*** Opening of EXERCISE INPUT ***
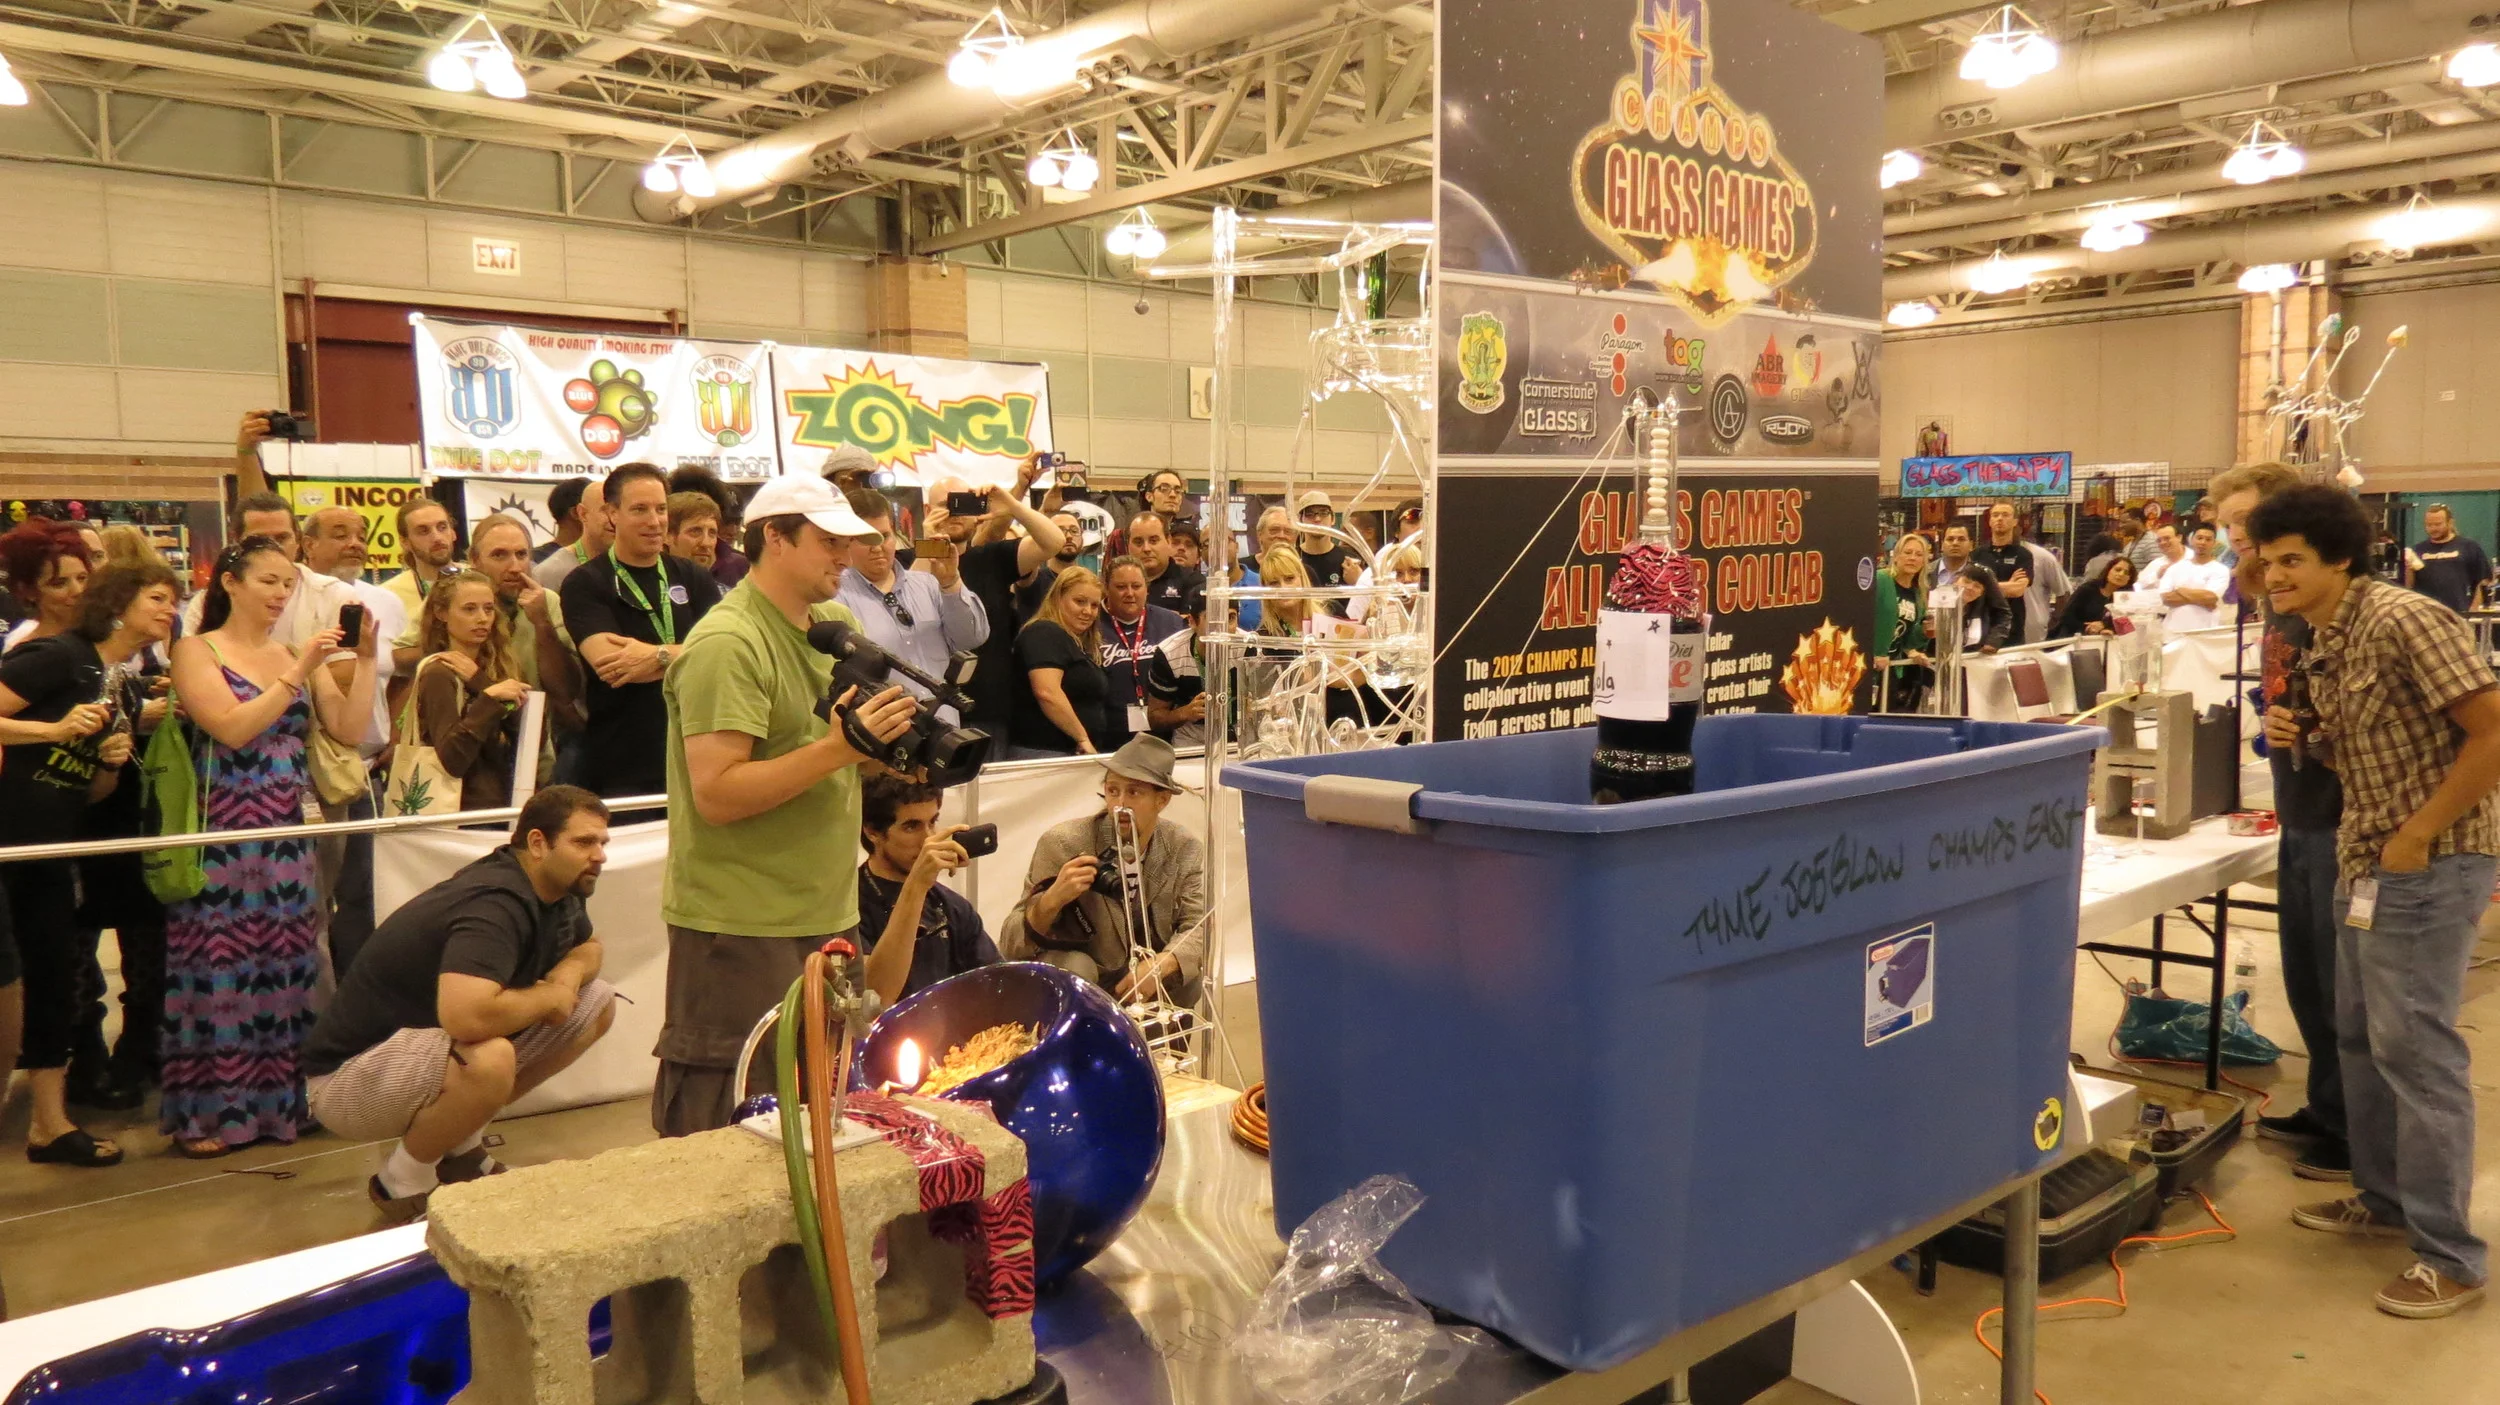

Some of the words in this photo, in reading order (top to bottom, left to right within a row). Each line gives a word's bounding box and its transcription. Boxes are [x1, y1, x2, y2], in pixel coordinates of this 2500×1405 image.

[1619, 84, 1768, 164] CHAMPS
[1605, 143, 1702, 241] GLASS
[1706, 165, 1795, 262] GAMES
[476, 244, 516, 269] EXIT
[529, 335, 554, 349] HIGH
[1601, 333, 1644, 353] Paragon
[1664, 328, 1706, 395] tag
[1756, 354, 1784, 373] ABR
[569, 391, 593, 401] BLUE
[788, 378, 1035, 457] ZONG!
[584, 429, 620, 443] DOT
[490, 450, 542, 473] DOT
[552, 463, 595, 474] MADE
[727, 457, 773, 478] DOT
[1906, 462, 1961, 488] GLASS
[1963, 455, 2064, 489] THERAPY
[334, 487, 424, 508] INCOG
[1579, 490, 1693, 556] GLAS
[1700, 488, 1803, 551] GAMES
[1716, 551, 1823, 614] COLLAB
[1100, 640, 1161, 668] Yankee
[1465, 658, 1489, 681] The
[1492, 654, 1524, 678] 2012
[1526, 648, 1577, 674] CHAMPS
[1705, 632, 1734, 652] tellar
[1463, 682, 1552, 712] collaborative
[1554, 675, 1590, 699] event
[1711, 657, 1738, 680] glass
[1738, 652, 1773, 674] artists
[1593, 661, 1616, 692] ola
[1463, 718, 1498, 741] from
[1500, 712, 1546, 736] across
[1549, 706, 1570, 729] the
[1707, 681, 1746, 704] creates
[1748, 676, 1771, 697] their
[1928, 815, 2016, 872] CHAMPS
[2023, 797, 2084, 853] EAST
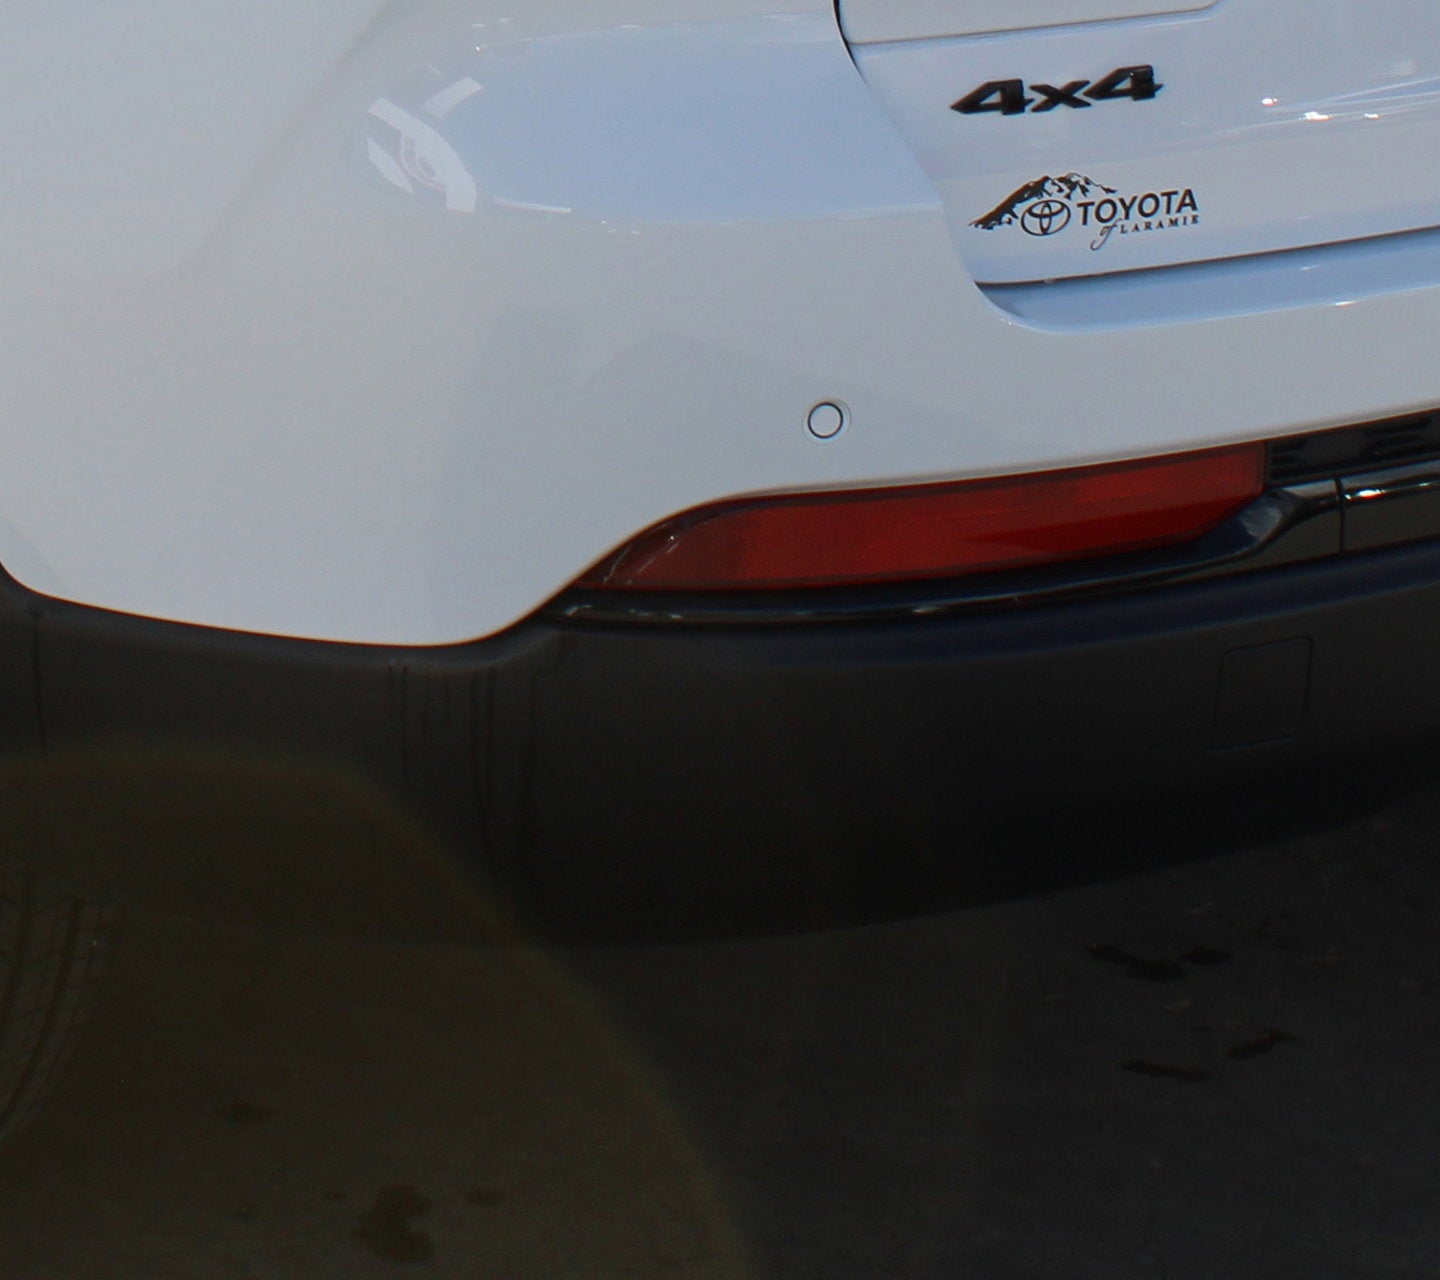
*** Close of EXERCISE INPUT ***
__WHAT YOU ARE ASKED TO DO__
Every line above should be returned word for word, with the pictures left behind.

__SOLUTION TO THE EXERCISE__
Some of the words in this photo, in reading order (top to bottom, left to right within a row). Each line gives a word's bounding box and its transcription. Boxes are [x1, y1, x2, y2], in pixel coordinates of this 2500×1405 image.

[1619, 84, 1768, 164] CHAMPS
[1605, 143, 1702, 241] GLASS
[1706, 165, 1795, 262] GAMES
[476, 244, 516, 269] EXIT
[529, 335, 554, 349] HIGH
[1601, 333, 1644, 353] Paragon
[1664, 328, 1706, 395] tag
[1756, 354, 1784, 373] ABR
[569, 391, 593, 401] BLUE
[788, 378, 1035, 457] ZONG!
[584, 429, 620, 443] DOT
[490, 450, 542, 473] DOT
[552, 463, 595, 474] MADE
[727, 457, 773, 478] DOT
[1906, 462, 1961, 488] GLASS
[1963, 455, 2064, 489] THERAPY
[334, 487, 424, 508] INCOG
[1579, 490, 1693, 556] GLAS
[1700, 488, 1803, 551] GAMES
[1716, 551, 1823, 614] COLLAB
[1100, 640, 1161, 668] Yankee
[1465, 658, 1489, 681] The
[1492, 654, 1524, 678] 2012
[1526, 648, 1577, 674] CHAMPS
[1705, 632, 1734, 652] tellar
[1463, 682, 1552, 712] collaborative
[1554, 675, 1590, 699] event
[1711, 657, 1738, 680] glass
[1738, 652, 1773, 674] artists
[1593, 661, 1616, 692] ola
[1463, 718, 1498, 741] from
[1500, 712, 1546, 736] across
[1549, 706, 1570, 729] the
[1707, 681, 1746, 704] creates
[1748, 676, 1771, 697] their
[1928, 815, 2016, 872] CHAMPS
[2023, 797, 2084, 853] EAST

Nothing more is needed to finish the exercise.